What to expect? Ask our stager Lindsay and she’ll say that it’s not all that glamorous, and instead you get your hands dirty.
So I’m picturing a muddy living room or something to do with spilled juice and a dust storm…
Obviously, this is not the case. What Lindsay said was true though, the striking of a staging “set” does make for a bit of a morning workout. My task was to clear out the upper floor of the staged house of all accessories. A few forays up and down the stairs later with arms full of vases, big bags of bedding, lamps and large picture frames (pretending not to hear the falling-down-the-stairs-with-a -“smash-tinkle-tinkle” paranoia in the back of my head) and I was regretting the choice of a wool sweater that morning.
With everything assembled on the gorgeous granite kitchen island of this multi-million dollar beauty, we pulled apart piles of bubble wrap and tissue paper and wrapped, sorted and carefully packed the items into boxes for removal back to the warehouse.
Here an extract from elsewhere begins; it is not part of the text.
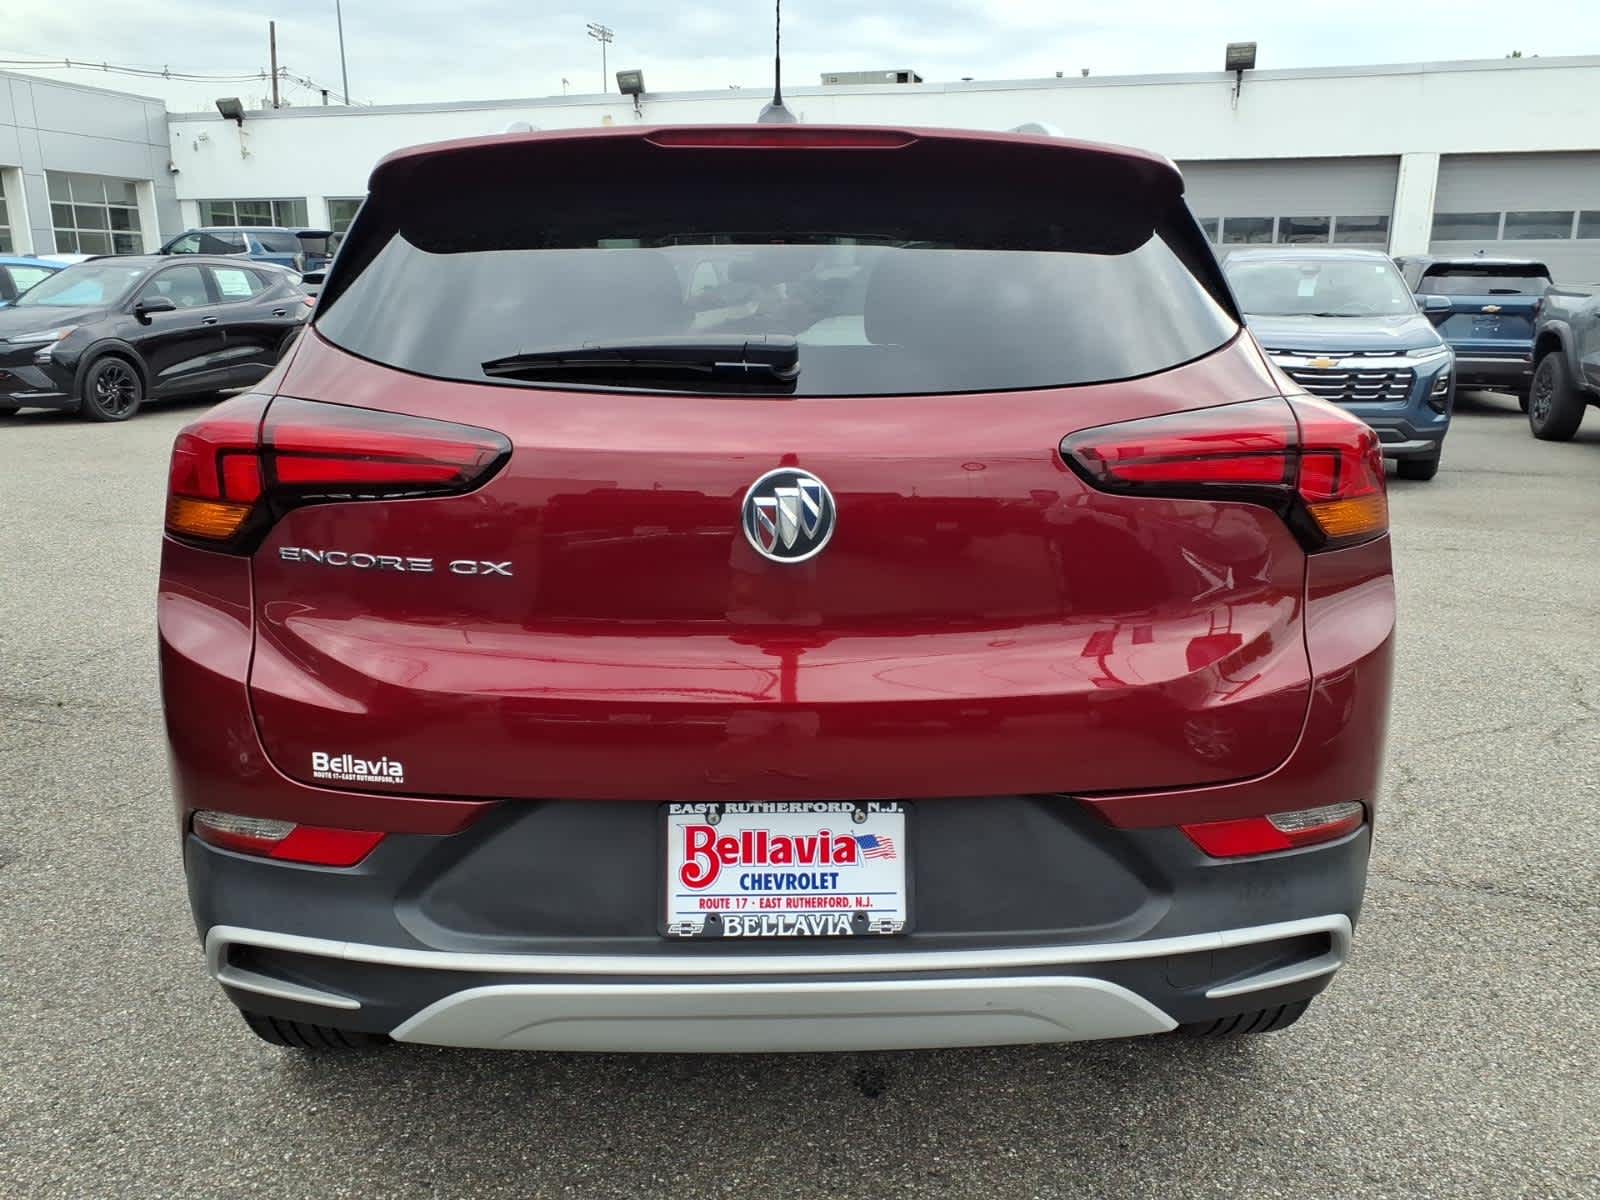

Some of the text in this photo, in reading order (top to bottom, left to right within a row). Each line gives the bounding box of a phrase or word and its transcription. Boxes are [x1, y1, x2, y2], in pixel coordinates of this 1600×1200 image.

Have you ever noticed how what looks like not much stuff in a room, when pulled off the shelves suddenly becomes enough to sink a ship? It’s like books, when not placed side by side, realize that they finally have room to breathe, let out huge sighs and expand to twice their original thickness. Six forks on a table multiply to twenty when piled on the counter.
So I started considering, what could I get rid of in my own place?
In any case, we got it all done pretty quickly and contained what remained of the receding sea of packing materials by the time the movers had taken out the furniture and boxes of knick knacks.
If this is the dirtiest work, I’m inclined to think that this staging business is not so bad…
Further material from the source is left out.